Forty cackles. Love doesn’t notice.

“That is genius. Old Sport, you need to make that.” Forty looks to see if Barry Stein has been eavesdropping but he hasn’t.

I shrug. “It’s just something I think would be funny.”

“You gotta think, it’s something that
will
be funny, Old Sport.”

And then Forty has to go
field some calls
and he leaves. Love comes over and sits on my lap. “You having fun?”

“Yes,” I say, and I am. With Love on my lap, I am calmer. I can love it here now that she’s not talking to Milo. The light in Malibu has power that you can’t buy on
Instagram. Everyone looks more alive than they did at Chateau, clearer yet grainier. The Aisles isn’t a home; it is a village and I wonder if any of the people who work at the Pantry know
about this place and if they want to get together and storm the gates. I can picture them all shrieking,
WE DON’T WANT LOVE

GIVE US MONEY!

Dottie says we’ve got to get ready for dinner and I didn’t realize time was passing. Love says that happens in Malibu. “Beach brain.”

Forty returns, iPad in hand. “Check it out, Old Sport,” he says.

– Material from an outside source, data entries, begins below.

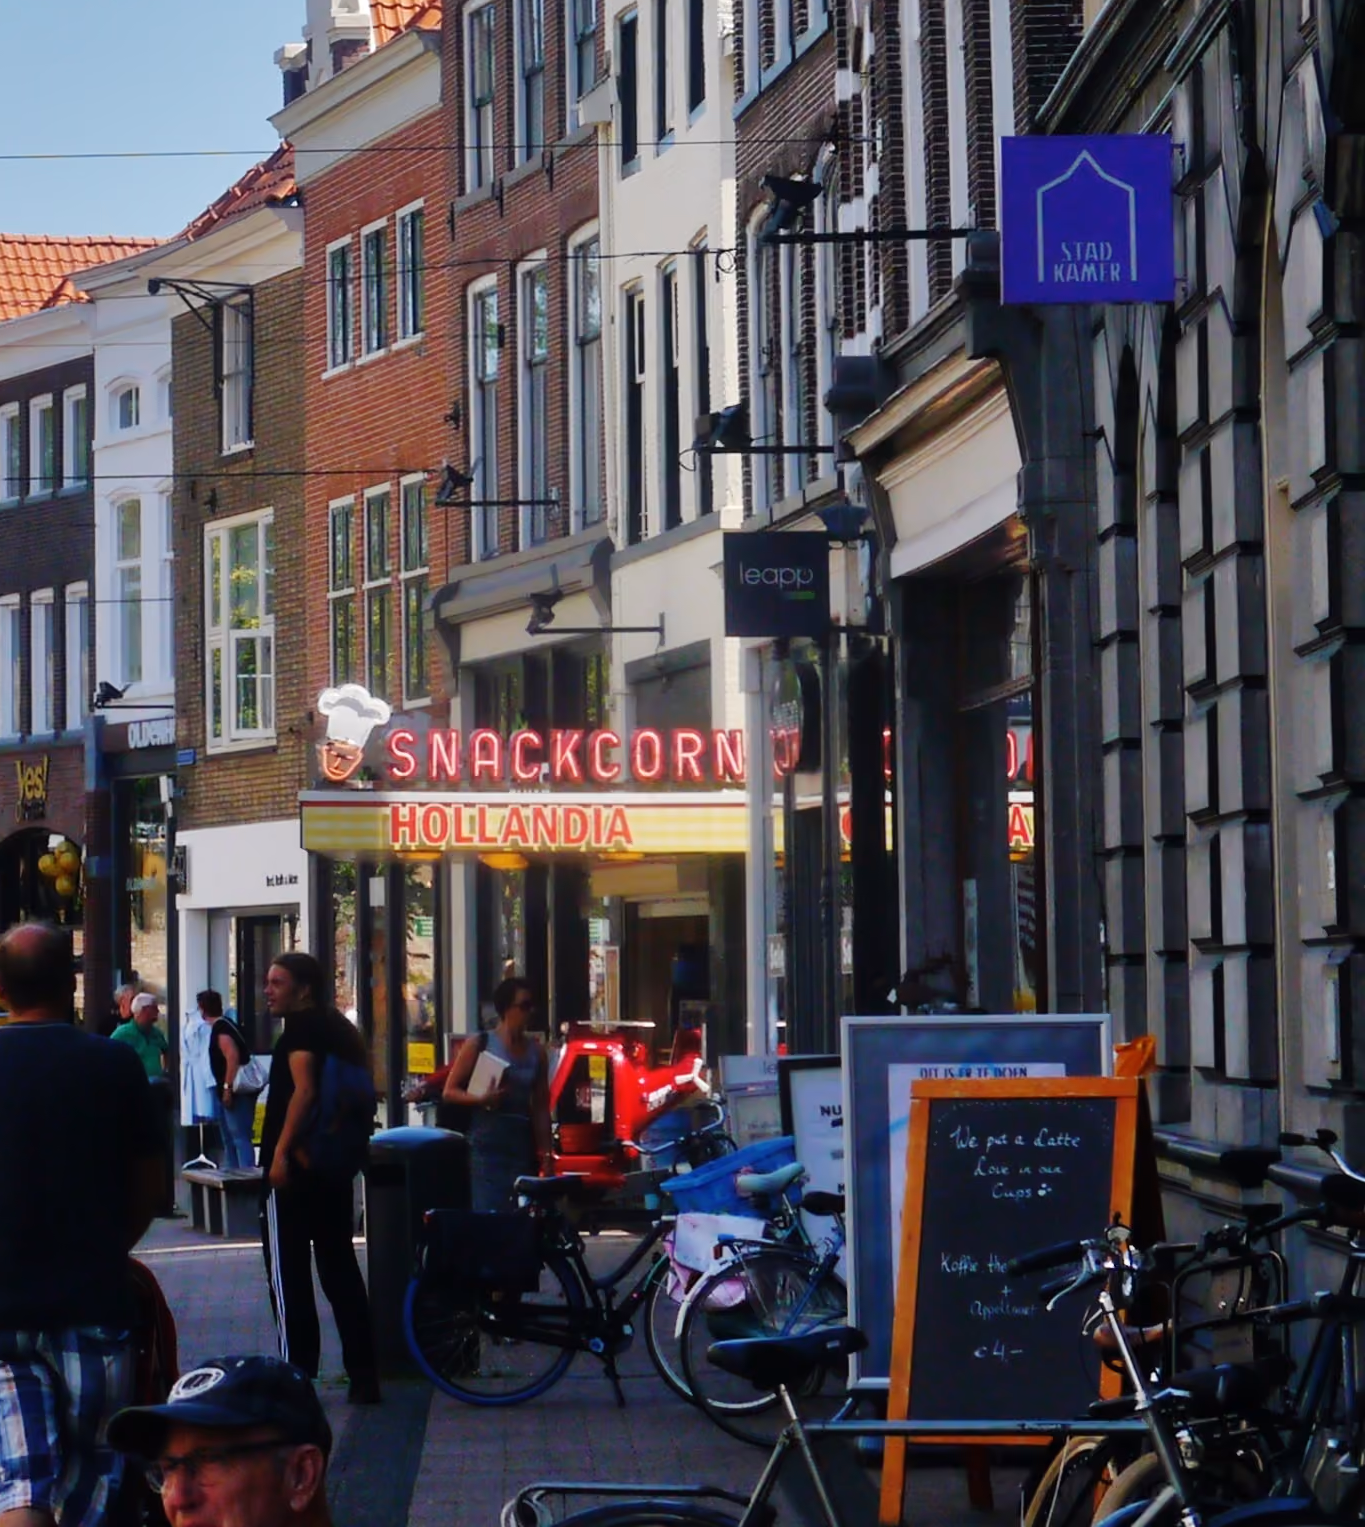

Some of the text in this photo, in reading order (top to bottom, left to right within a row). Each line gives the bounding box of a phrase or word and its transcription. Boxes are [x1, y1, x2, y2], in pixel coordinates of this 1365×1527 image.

[1062, 241, 1112, 261] STAD
[1054, 263, 1120, 283] KAMER
[740, 561, 814, 590] leapp
[387, 728, 746, 783] SNACKCORN
[389, 804, 634, 847] HOLLANDIA
[950, 1125, 978, 1149] We
[986, 1132, 1009, 1153] put
[1014, 1135, 1026, 1146] a
[973, 1155, 1010, 1177] Love
[992, 1182, 1033, 1202] Cups
[986, 1252, 1009, 1274] the

And it’s like Calvin redux. I recognize the Funny or Die logo and I groan but Forty promises this is
gold.
The opening titles roll, followed by Liam Neeson and son in
Love
Actually
and my heart rate quickens—that’s my idea—and they’re on the couch, watching Kate and Leo in
Revolutionary Road
—my idea!—and the screen
rolls black and I see words I like, words that belong together, the way happily married people do:

Written and Directed by Joe Goldberg

Love is laughing and clapping and I hug Forty and shake his hand and thank him but he tells me not to thank him. “This was all you, Old Sport!”

“But I didn’t do anything,” I protest. “I just had an idea.”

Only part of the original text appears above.